# PROBLEM STATEMENT
Give back the full listing exactly as it appears below.

# GIVEN RECORDS

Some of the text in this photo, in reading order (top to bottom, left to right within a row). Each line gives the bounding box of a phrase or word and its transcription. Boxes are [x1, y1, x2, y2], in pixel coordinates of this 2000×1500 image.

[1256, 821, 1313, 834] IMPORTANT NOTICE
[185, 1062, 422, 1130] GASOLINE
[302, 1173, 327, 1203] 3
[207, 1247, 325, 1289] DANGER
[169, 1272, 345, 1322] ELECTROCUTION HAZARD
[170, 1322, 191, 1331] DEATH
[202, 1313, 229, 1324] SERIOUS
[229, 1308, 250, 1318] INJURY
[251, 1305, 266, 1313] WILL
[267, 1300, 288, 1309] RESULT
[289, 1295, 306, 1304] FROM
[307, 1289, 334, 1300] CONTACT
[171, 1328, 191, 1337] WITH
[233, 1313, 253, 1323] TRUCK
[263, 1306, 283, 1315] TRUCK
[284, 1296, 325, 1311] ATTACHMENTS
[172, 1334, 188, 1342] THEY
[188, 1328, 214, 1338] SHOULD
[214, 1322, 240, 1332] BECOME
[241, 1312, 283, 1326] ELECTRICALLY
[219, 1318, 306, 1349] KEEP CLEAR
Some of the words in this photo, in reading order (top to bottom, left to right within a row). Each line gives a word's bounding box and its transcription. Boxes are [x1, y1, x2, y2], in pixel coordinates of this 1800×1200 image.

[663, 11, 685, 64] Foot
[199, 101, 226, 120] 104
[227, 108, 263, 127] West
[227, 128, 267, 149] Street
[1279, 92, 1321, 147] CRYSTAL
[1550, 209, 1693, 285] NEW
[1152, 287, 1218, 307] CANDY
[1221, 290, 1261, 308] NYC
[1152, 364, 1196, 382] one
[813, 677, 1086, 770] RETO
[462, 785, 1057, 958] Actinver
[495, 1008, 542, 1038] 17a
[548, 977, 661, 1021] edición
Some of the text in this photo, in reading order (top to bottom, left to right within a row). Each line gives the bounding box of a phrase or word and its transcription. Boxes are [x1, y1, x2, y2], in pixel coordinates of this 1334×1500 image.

# OUTPUT FOR THIS EXERCISE
Some of the text in this photo, in reading order (top to bottom, left to right within a row). Each line gives the bounding box of a phrase or word and its transcription. Boxes are [x1, y1, x2, y2], in pixel coordinates of this 2000×1500 image.

[1256, 821, 1313, 834] IMPORTANT NOTICE
[185, 1062, 422, 1130] GASOLINE
[302, 1173, 327, 1203] 3
[207, 1247, 325, 1289] DANGER
[169, 1272, 345, 1322] ELECTROCUTION HAZARD
[170, 1322, 191, 1331] DEATH
[202, 1313, 229, 1324] SERIOUS
[229, 1308, 250, 1318] INJURY
[251, 1305, 266, 1313] WILL
[267, 1300, 288, 1309] RESULT
[289, 1295, 306, 1304] FROM
[307, 1289, 334, 1300] CONTACT
[171, 1328, 191, 1337] WITH
[233, 1313, 253, 1323] TRUCK
[263, 1306, 283, 1315] TRUCK
[284, 1296, 325, 1311] ATTACHMENTS
[172, 1334, 188, 1342] THEY
[188, 1328, 214, 1338] SHOULD
[214, 1322, 240, 1332] BECOME
[241, 1312, 283, 1326] ELECTRICALLY
[219, 1318, 306, 1349] KEEP CLEAR
Some of the words in this photo, in reading order (top to bottom, left to right within a row). Each line gives a word's bounding box and its transcription. Boxes are [x1, y1, x2, y2], in pixel coordinates of this 1800×1200 image.

[663, 11, 685, 64] Foot
[199, 101, 226, 120] 104
[227, 108, 263, 127] West
[227, 128, 267, 149] Street
[1279, 92, 1321, 147] CRYSTAL
[1550, 209, 1693, 285] NEW
[1152, 287, 1218, 307] CANDY
[1221, 290, 1261, 308] NYC
[1152, 364, 1196, 382] one
[813, 677, 1086, 770] RETO
[462, 785, 1057, 958] Actinver
[495, 1008, 542, 1038] 17a
[548, 977, 661, 1021] edición
Some of the text in this photo, in reading order (top to bottom, left to right within a row). Each line gives the bounding box of a phrase or word and its transcription. Boxes are [x1, y1, x2, y2], in pixel coordinates of this 1334×1500 image.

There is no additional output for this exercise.